Passing the baton to Voyager 1
Scientists once thought the heliosphere extended out only as
far as Jupiter, a theory dashed by Pioneer and other veteran
travelers into the outer solar system -- Voyager 1 and 2.
Launched in 1977, the Voyagers have similar records of
achievement as Pioneer 10. Both Voyagers flew by Saturn and
Jupiter. Voyager 2 also passed near Uranus and Neptune.
But they have taken far different paths. The Voyagers are
heading in the opposite direction than Pioneer, in relation
to the sun.
The Voyagers, both well beyond Pluto, could have better luck
in their search for the edge of the heliosphere. In 1998, Pioneer "passed the baton," Lasher said, to the faster Voyager I as the most
distant manmade object in the solar system.
Pioneer should stop sending transmissions in the coming years.
But having used planetary gravitational assists to reach escape velocity from the solar system, it will continue to drift into interstellar space for millions of years. It is headed at 27,380 mph for the red
star Aldebaran, which makes the eye of Taurus, the Bull.
Pioneer will need more 2 million years to reach it.

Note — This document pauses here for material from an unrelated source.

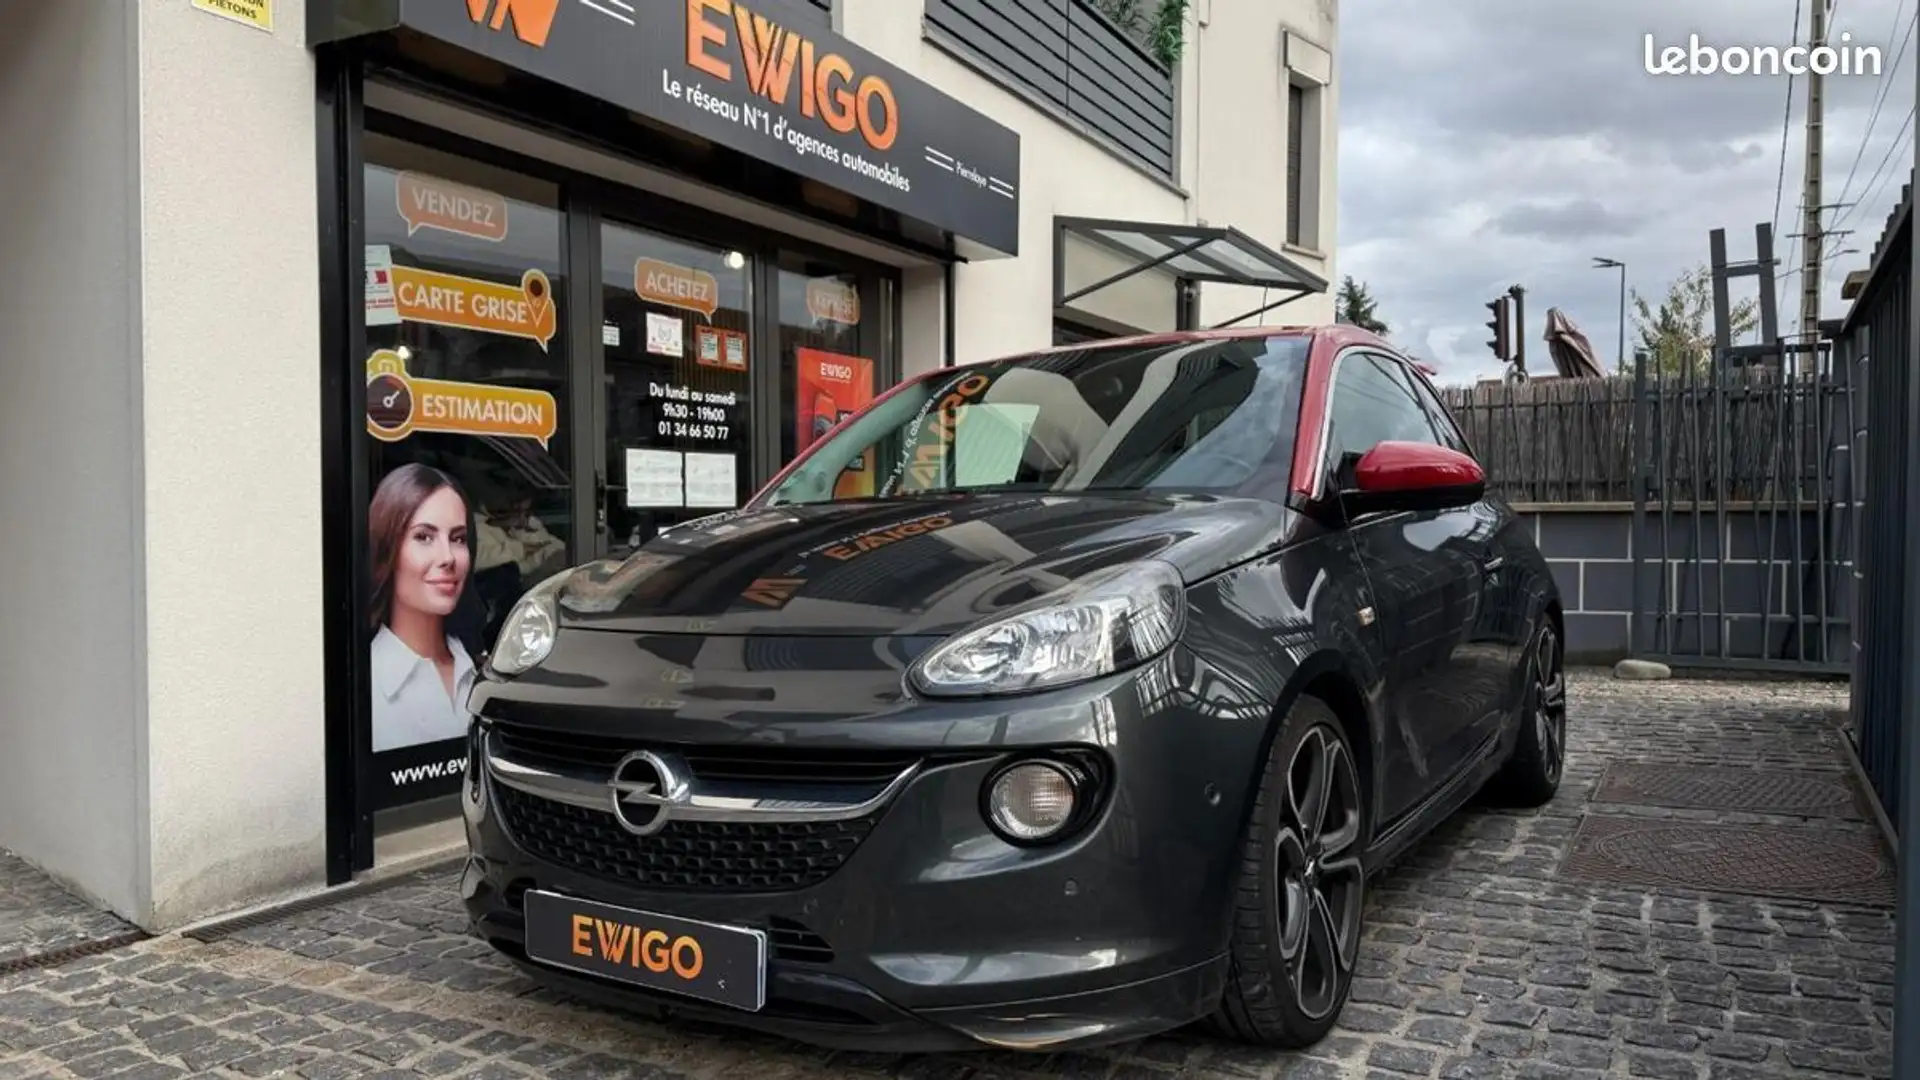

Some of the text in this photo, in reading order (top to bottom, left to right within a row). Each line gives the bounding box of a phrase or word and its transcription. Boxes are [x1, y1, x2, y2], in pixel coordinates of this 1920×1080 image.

It will probably still be chugging through the galaxy 5
billion years from now when the sun expands into a red giant
and obliterates Earth.
Should other sentient life forms find Pioneer, however, they
may learn about humans. The ship carries a plaque, designed
in part by the late Dr. Carl Sagan, engraved with pictures,
solar maps and elemental symbols to describe civilization on
Earth.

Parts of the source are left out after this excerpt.